POC’s priorities, wrong as usual » Manila Bulletin Sports



by Ding Marcelo

Ding Marcelo

Ding Marcelo

The Philippine Olympic Committee (POC) should just stop whining. It can’t seem to let go of the government’s decision to drop the hosting of the Southeast Asian Games in 2019. Peping Cojuangco still wants those games here, badly.

Yet the POC, where he is president, has said nothing convincing to upend the government on this one. It hasn’t laid out the merits of hosting the games. Its chief argument has been that, dropping a commitment — which Peping made on his own, by the way — would make the country lose face with its neighbors, and that would make it an embarrassment for all Filipinos.

If you ask me, what is embarrassing is the Philippines placing 7th among 11 countries in the SEA Games overall medal race. That was in 2013. In 2015, it was sixth overall but won fewer gold medals than in 2013. Neither did it fare better at the Asian Games where, in 2016, the country won just one gold medal.

That is not the country losing face, that is the country getting a slap in the face. Yet the POC has never addressed this kind of face disfigurement with the zeal and determination it now exhibits in pushing to host the Games.

I don’t think any of the SEAG countries told Brunei that it would embarrass its king when that very rich country announced last year it was no longer honoring its commitment to host the Games. And nobody remembers Laos being excoriated by any of the ten other member nations when that very poor country backed out years ago from hosting the Games.

Our own POC, meantime, seems to think nothing of the scenario that could play out on Philippine soil by 2019. With (possibly) the terrorist problem still unchecked by then, with (clearly) the longest-running armed communist party in Asia now ousted from peace talks, and with (clearly) thousands of foreigners converging in the country for the event, can the 2019 Southeast Asian Games be secured?

I always wondered what it is in the hosting of the SEA Games that could animate an official like Jose Cojuangco Jr. into being this determined. If his newfound energy and resolve could only have been channeled into helping the country improve its standing in the international sports arena all these 12 years that he has been at the helm.

But, no, our country has been the worst in sports among comparable nations in Southeast Asia. In medal standings in the SEAG, Asian Games, and Olympics, we are behind Thailand, Indonesia, Vietnam, Singapore, and Malaysia, barely ahead of Myanmar, with Laos and Cambodia fast catching up.

In pushing to host the 2019 games, Peping has actually peddled the idea he can get the private sector to fund the whole enterprise, which, according to estimates, can go up to one billion pesos.

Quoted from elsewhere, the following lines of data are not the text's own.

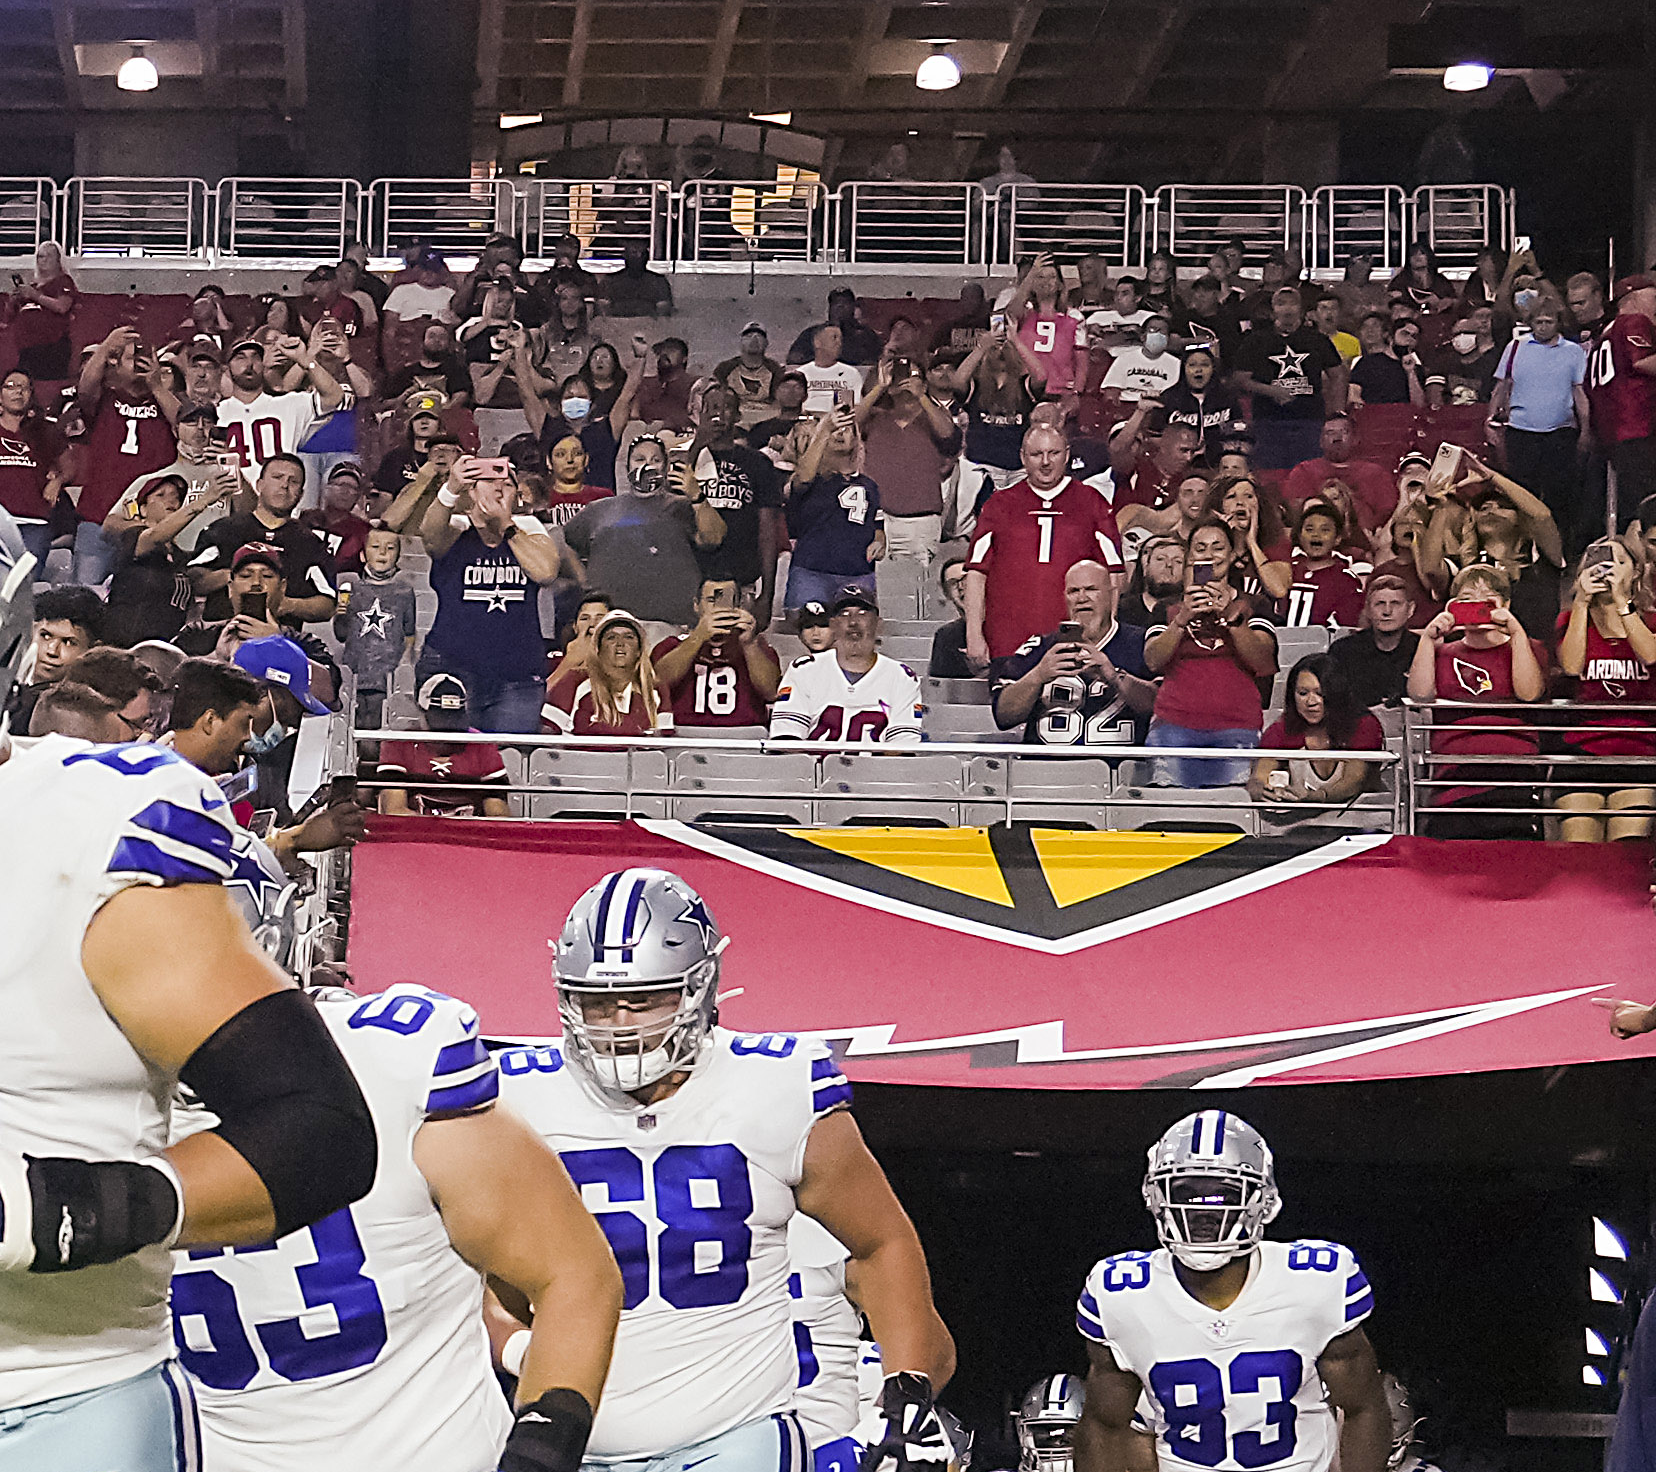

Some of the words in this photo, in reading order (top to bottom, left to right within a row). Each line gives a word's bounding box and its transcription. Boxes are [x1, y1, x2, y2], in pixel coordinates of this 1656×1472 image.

[1034, 321, 1055, 353] 9
[120, 419, 138, 455] 1
[226, 416, 282, 468] 40
[837, 485, 869, 525] 4
[1035, 516, 1053, 564] 1
[464, 565, 528, 586] COWBOYS
[1285, 589, 1314, 628] 11
[694, 664, 737, 715] 18
[1037, 676, 1136, 746] 82
[560, 1143, 756, 1310] 68
[1148, 1350, 1303, 1470] 83
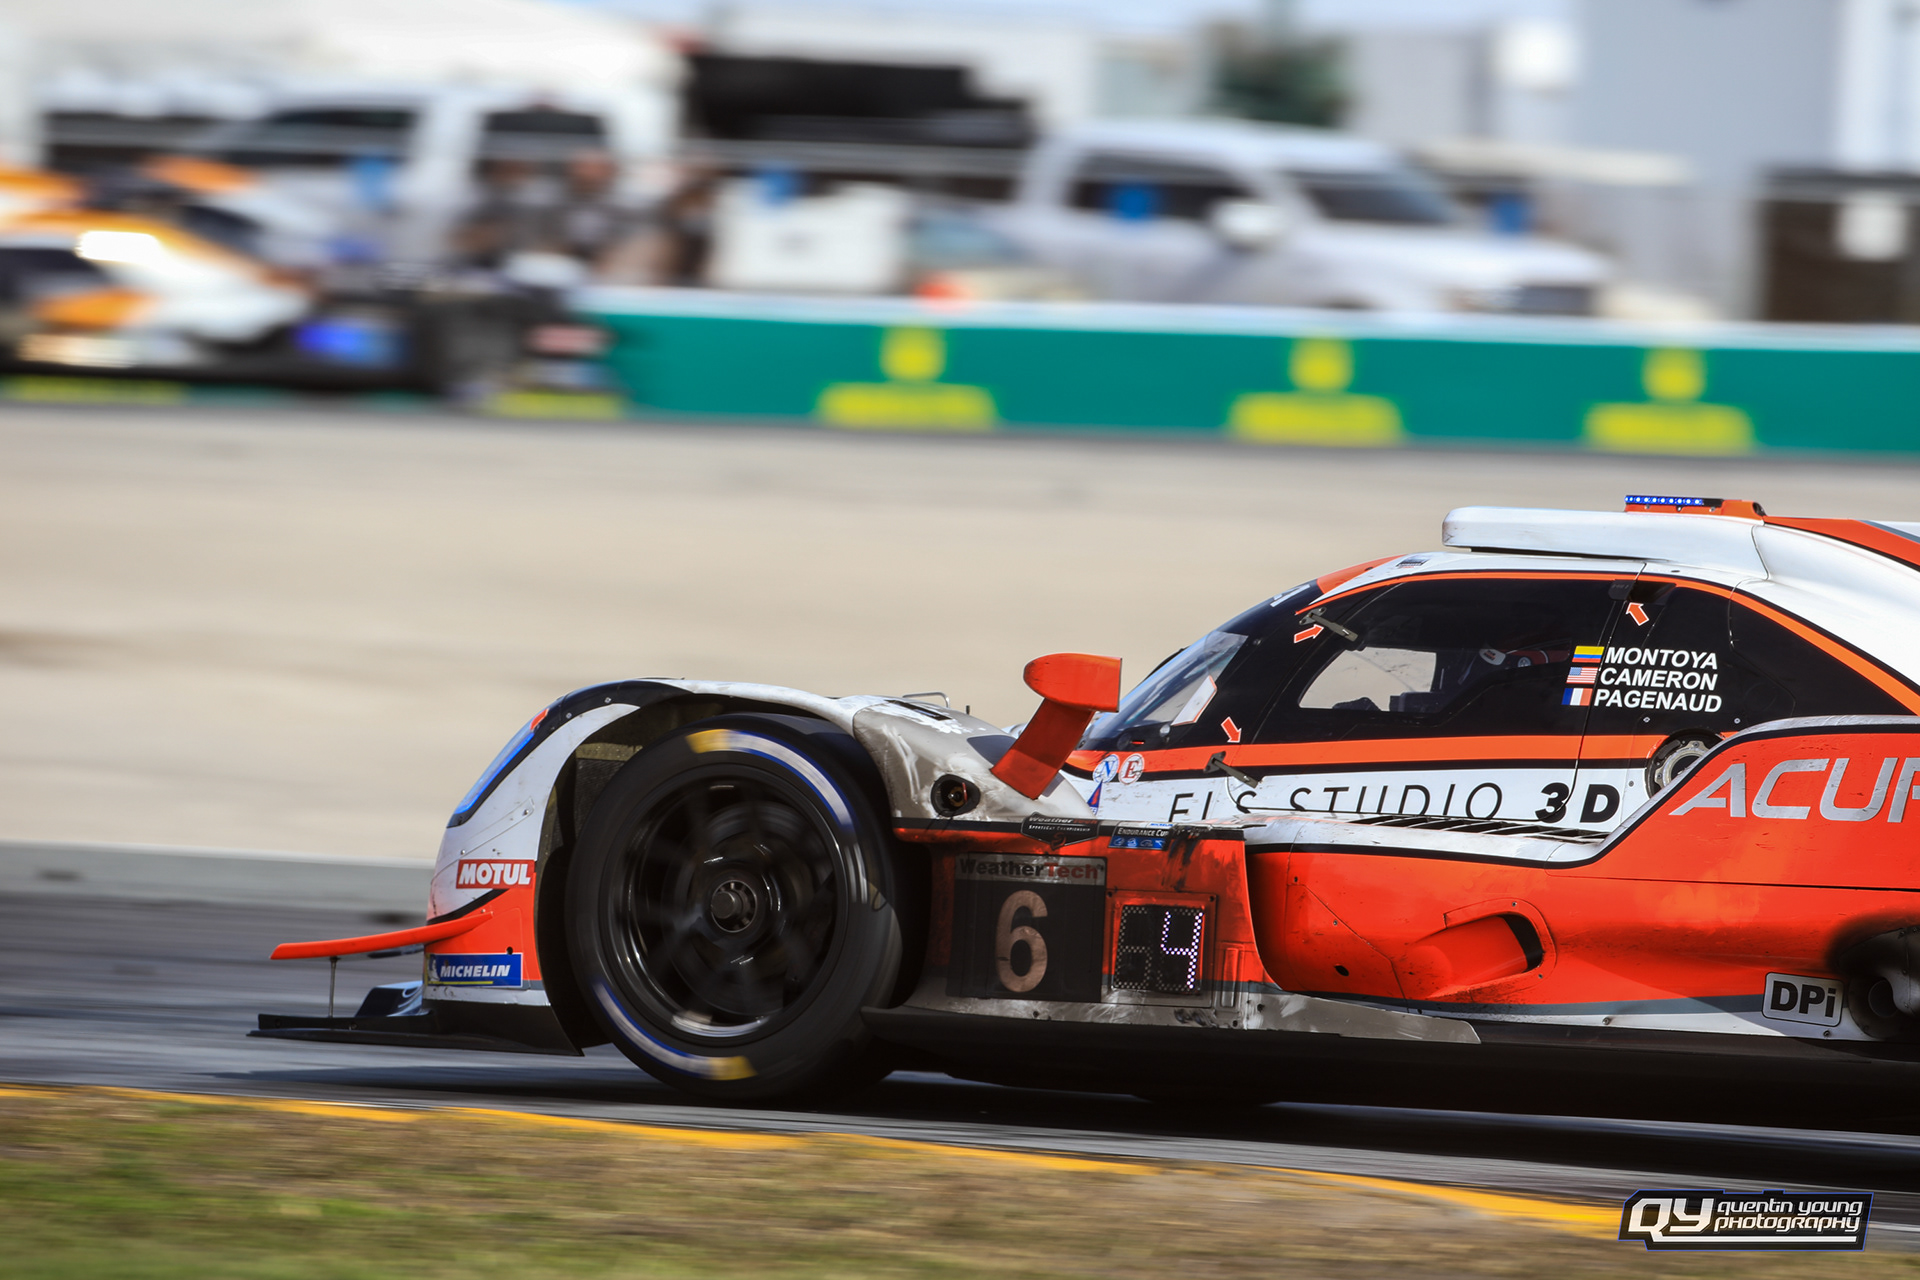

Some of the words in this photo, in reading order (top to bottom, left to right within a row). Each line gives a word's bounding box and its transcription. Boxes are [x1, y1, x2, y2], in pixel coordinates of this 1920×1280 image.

[1604, 646, 1718, 670] MONTOYA
[1600, 667, 1719, 691] CAMERON
[1593, 688, 1723, 713] PAGENAUD
[1290, 782, 1504, 820] STUDIO
[458, 862, 531, 885] MOTUL
[959, 858, 1098, 880] WeatherTech
[996, 890, 1048, 993] 6
[440, 965, 511, 977] MICHELIN
[1770, 980, 1837, 1018] DPi

The man is probably still in the moment when his person and influence carried real weight. That was when Corazon Cojuangco Aquino was President, he was Speaker of the House, and some of Cory’s moon dust continued to fall on him. Or, maybe, he thinks PNoy is still president?

So, he’s probably still thinking he can twist the arms of businessmen Ramon Ang and Manny Pangilinan, among others, into coughing up millions to support the games that have the word “doomed” written all over it.

But if he were such a close buddy to private individuals with the megabucks, why hasn’t he gotten their support for struggling sports associations — such as bowling, where he was a former long-time president, or equestrian, where he is now president? (Come to think of it, the latter has not had any event or competition of consequence in many years.)

Meanwhile, corporate support — for tennis, golf, boxing, and even basketball — was achieved, not at all because Cojuangco intervened, but because there were businessmen who, on their own, dug deep into their pockets for the love of the sport.

Well, maybe government should call Cojuangco’s bluff, and let him go around asking for a billion pesos from the private sector. If he can name just one person or one corporation that has agreed to commit serious millions to the SEA Games, then it could probably be game on for Cojuangco.

Sports are great. (I am not a sports fan for nothing.) I know they galvanize citizens and ignite national pride. Manny Pacquiao doing well does that. Performing creditably in next month’s SEA Games in Malaysia will do that. But spending millions just so Cojuangco — who, let it be said again, committed the country into hosting the games without consulting anyone in government — does not have to eat his words, will not.